The concept that any member state could secede from a Community or Union that made European continental warfare “not only unthinkable, but materially impossible” was just that; unthinkable! Therefore, what resulted, the two-year provision within the Lisbon Treaty (the first European legislature to mention the surrender of membership), is purely arbitrary; how long could one possibly need to achieve a Brexit?!
Whilst this could just be one citizen expressing his dissatisfaction with the result of one entire year of negotiation alongside the expenditure of millions, if not billions, of public sector money, there is something meaningful behind the argument. The significance of the underwhelming agreement suggests that the Pound could be overvalued in the short run.
Over the past few weeks, volatility has increased across the board. Markets have been jittery from the global bond to equity markets, slashing billions of Dollars at every corner. The move in trans-Atlantic FX markets on Monday evening may therefore be more short-lived than one might have expected from the single most important political risk that the Pound has experienced in almost a century.
As investors mull over the agreement, they may come to realise the magnificence of the job that UK negotiators have in front of them. Some may validly argue that the lack of innovation and imagination displayed within the transitional proposal is only consistency, allowing business an extra 21 months to get their head around a magnificent and as yet fictitious post-Brexit arrangement.
You are free to make your mind up on this debate and it is imperative you do so. However, it seems inexcusable to me that some hint of innovation and coalition building has not made its way into the arrangement. After all, how better could one prepare business for a potentially biblical regulatory shift than by phasing it into a transition deal that will deliver us into the next decade?
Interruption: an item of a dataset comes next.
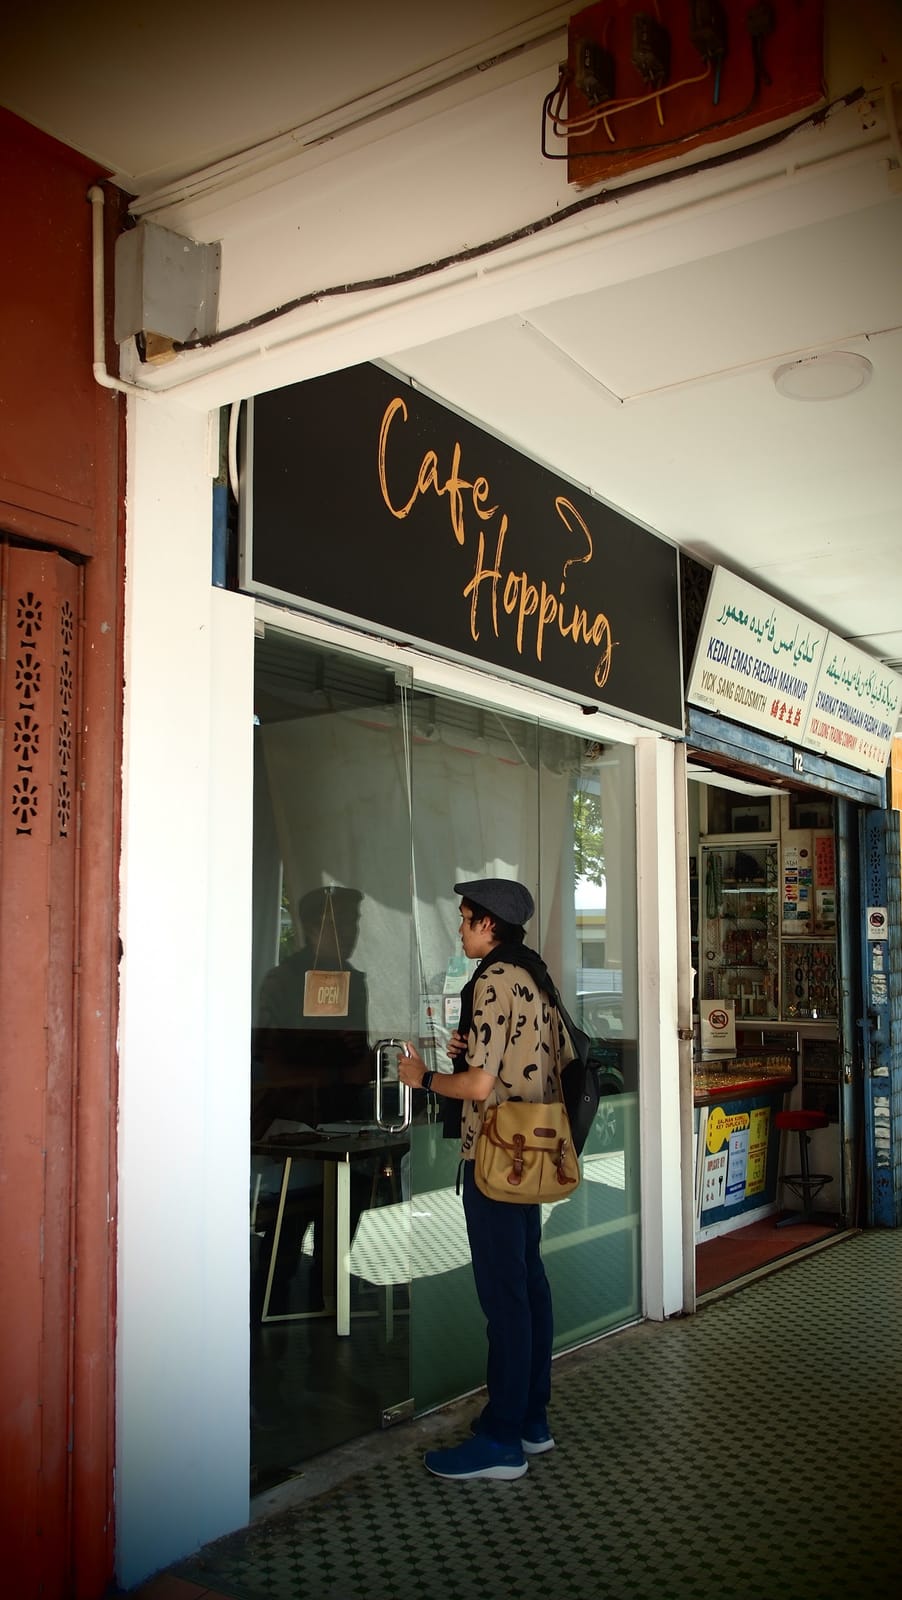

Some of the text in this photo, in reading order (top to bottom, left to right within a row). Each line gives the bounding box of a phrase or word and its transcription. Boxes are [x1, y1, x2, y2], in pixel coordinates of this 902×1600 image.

Rhetoric surrounding the announcement suggested that the public, business and would-be Pound bulls may even want a second transitional arrangement, this time with something substantive in. This discussion, let me tell you now, is futile in light of its inevitable denial within the European Commission and Council alike.
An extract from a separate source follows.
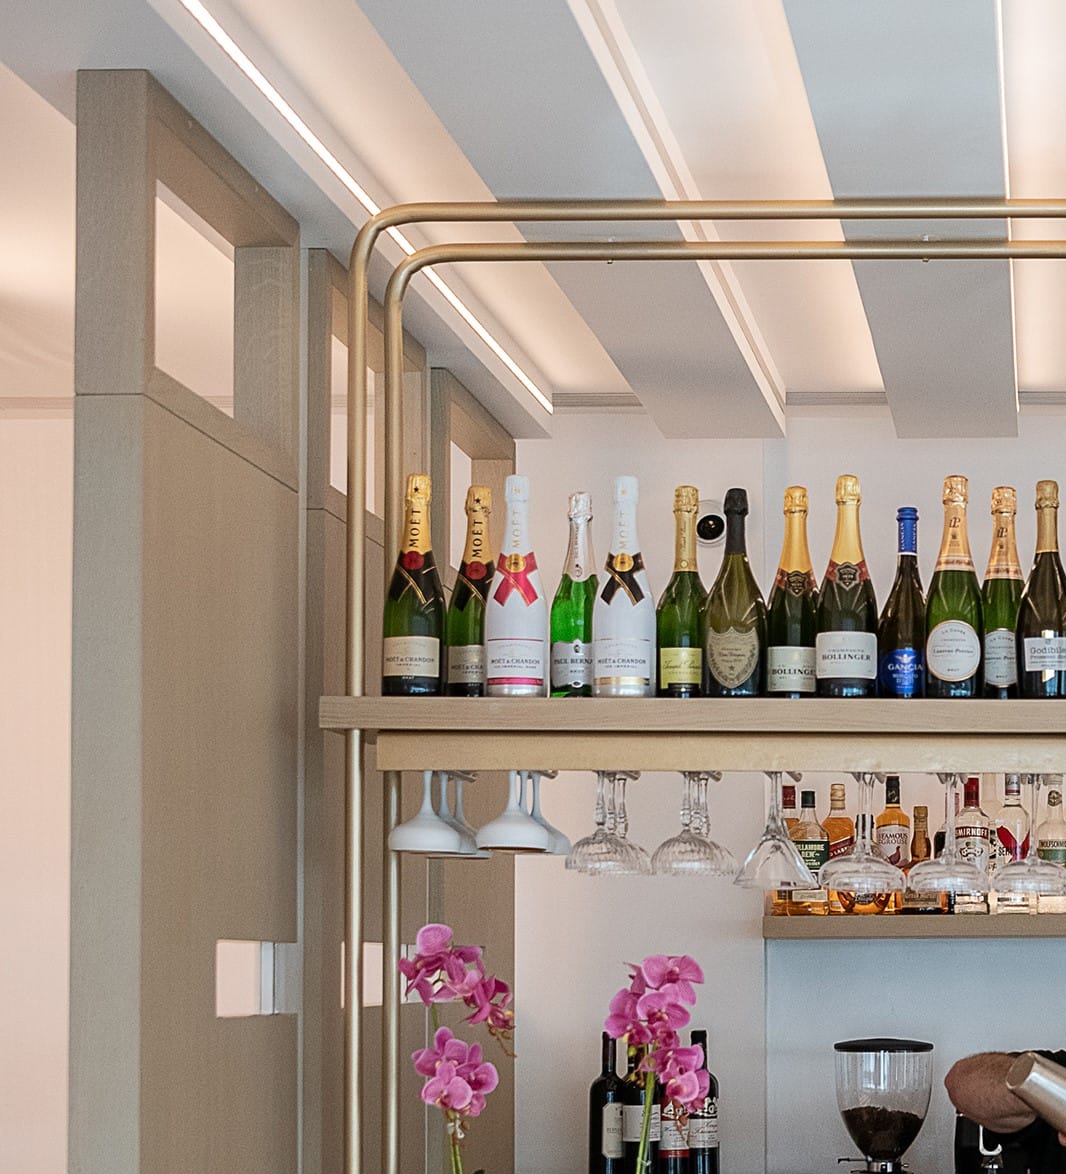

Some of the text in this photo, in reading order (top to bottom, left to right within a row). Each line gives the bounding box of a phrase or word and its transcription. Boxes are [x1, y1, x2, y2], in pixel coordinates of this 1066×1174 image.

[1030, 646, 1066, 654] Godibile
[772, 668, 816, 676] BOLLINGE
[881, 832, 908, 840] FAMOUS
[955, 828, 989, 837] MIRNOFF
The European Union pays for itself under a Multi-Annual Financial Framework (MFF) that lasts at most seven years, but sets forth member states’ communal spending and funding desires. Inconveniently for the United Kingdom, the present MFF expires shortly after the transitional deal that is currently on the table. This was the very reason for the denial of a two-year transitional period that Theresa May requested during her speech in Italy in late 2017.
Unequivocally, the UK cannot be a meaningful member within this debate and may not remain a half member any longer. Unfortunately, the opt-outs that the 1992 treaty and now this proposal provide will be insufficient to allow a half membership; how can a budgetary debate concerning the UK and a post-Brexit European Union possibly allow another voice to the table?
In short, the appreciation of the Pound Sterling that pervaded across markets on Monday evening could be all too short lived. As I have written since the start of 2018, something needs to happen on Brexit, and fast! Should the leader of the opposition, shadow Brexit secretary and opponents within the Commons in general credibly uncover the insufficiencies of the transitional arrangement, the position of Theresa May, Brexit, and the Pound could once again be on a much weaker footing than the public may appreciate.
The news has propelled the GBPEUR cross up to 1.1470 and around 1.4150 against a Dollar weakened by yesterday’s monetary policy decision from Gerome Powell’s Federal Reserve. The Pound is now valued at the uppermost point within its horizontal crab, has broken through January’s previous high of 1.1510. Following the BoE’s rate decision this afternoon, we saw the Euro trade at a year-to-date high of 1.1530.